Her first instinct was to cut and run. Trust had never come easily to Anna, and after everything that had happened, it was harder still to find that conviction inside herself; but she knew that she wouldn't make it another day without some kind of help. "I guess when you put it like that… I don't have a lot of options, do I?"
D-Bar gave a smug smile. "About time you caught on."
Aerial Transit Corridor-Northeastern Sector-United States of America
The transport jet settled into its heading, angling into a course that would follow the Eastern Seaboard all the way up to Newfoundland before turning to strike out across the Atlantic. Once they were at stable altitude, all the members of the Tyrant team had taken Namir's orders to heart and returned to their cramped cabins in the aircraft's midsection. The lighting dimmed to night-flight levels; they would not see day again until they reached the airspace of the European Union.
Saxon waited twenty minutes, listening at the wall to be certain of no other movement out in the corridor. Then, with care, he eased open the door to his cabin and slipped back out, moving forward with all the stealth he could muster. The only weapon he had on him was a Buzzkill stun gun, although he wondered if the tazer pistol would be enough to put down any of the Tyrants. He was on a mission of his own making now; discovery would mean failure, and worse.
In another pocket he had the disposable vu-phone. Waiting in the cabin, he had read and reread the message sent by Janus, committing it to memory before erasing the text.
Melina; he turned the name over in his thoughts. Saxon tried to imagine a younger Jaron Namir, a man and not the lethal cyborg that he knew.
He tried to picture that young Namir dealing with the death of someone close to him. Had it hardened him, he wondered? Made him callous to the suffering of others, put him on the path to who he had become? Saxon frowned and dismissed the thought. Whatever secrets Namir had, if this worked, he would learn them soon enough.
He threaded his way along the length of the jet, to the stairs dropping to the lower level. Crouching, Saxon carefully placed each silent footfall, keeping in the lines of shadow along the main corridor. Blinks of light, from the wingtip navigation indicators on the jet's wings, cast faint halos of color over his shoulders through the oval windows. Saxon knelt in the lee of a support frame and cycled through the variant modes of his optics.
Through the partition walls, he picked out the faint heat-blobs of the two-man flight crew up toward the cockpit area, while at the aft, in the operations center, the only colors were the dull green-blue glow of the idling computer systems.
Saxon entered the ops room and closed the door behind him. Keeping low, he threaded his way to Namir's console and tapped the glassy surface. The panel came to life, immediately demanding a pass code. He let out a breath to steady himself, and tapped out the first string of symbols. Melina's date of birth.
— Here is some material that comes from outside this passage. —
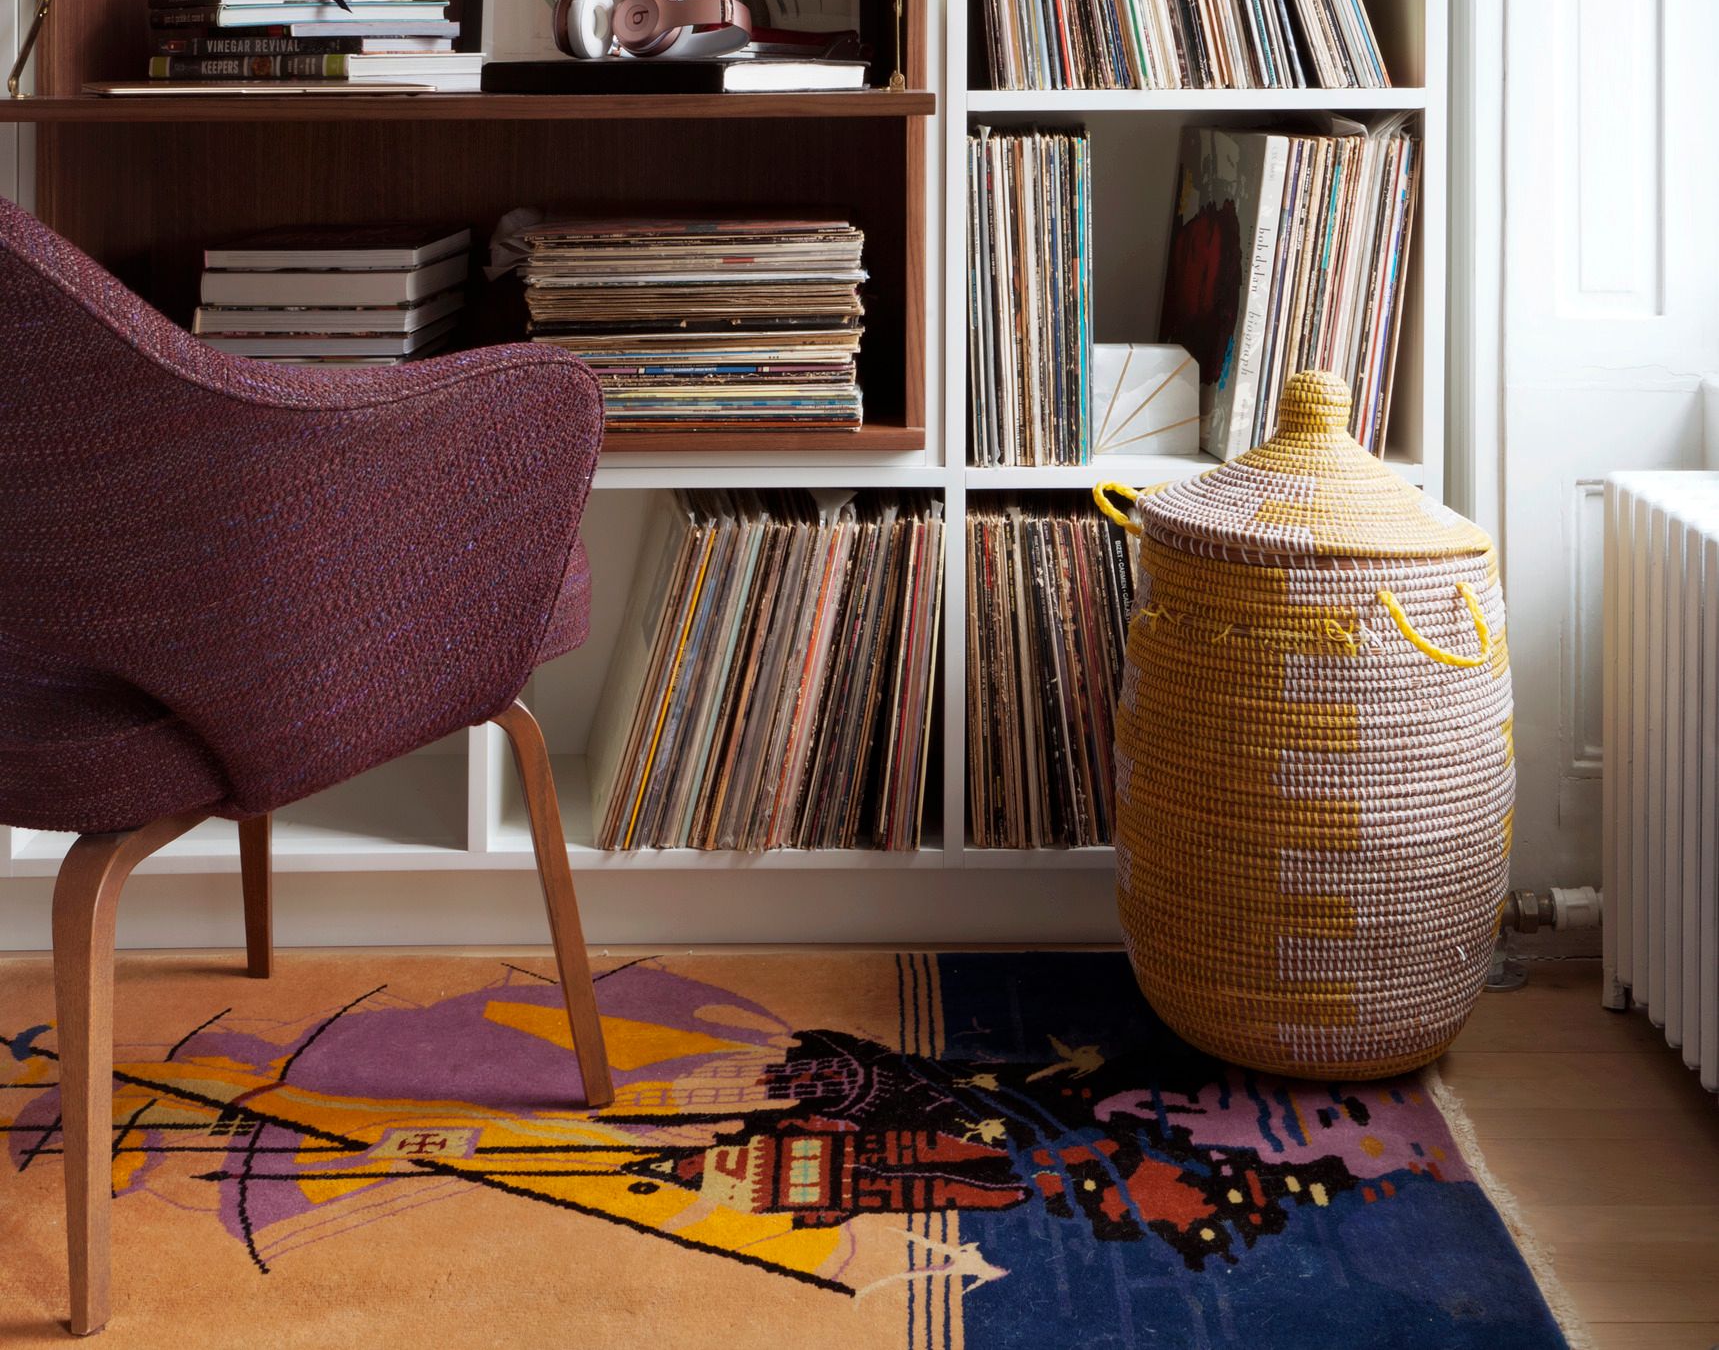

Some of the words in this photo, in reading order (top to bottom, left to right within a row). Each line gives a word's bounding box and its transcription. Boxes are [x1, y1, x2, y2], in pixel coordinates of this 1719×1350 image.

The panel chimed a warning; the code was wrong. The sound seemed like a shout in the quiet of the dormant room, among the low murmur of the computers. Saxon waited for a moment, one hand on the stun gun, but no one came to investigate. He went on; the second code string was also incorrect. A fail on the third attempt would lock down the console and doubtless trigger some kind of alert-but the list of potential passwords Janus had provided had more than three variations. He ran them through his thoughts again.
Namir's sister. His daughter. A simple code. It would not be complex, Saxon realized. Namir wasn't that kind of man, not one to waste time on needless subterfuge. He was direct. There were no shades of gray to him.
Saxon thought about people he had lost, people he had felt responsible for; and then he typed in the name of the dead woman as it might have appeared on her gravestone, plain and unaltered.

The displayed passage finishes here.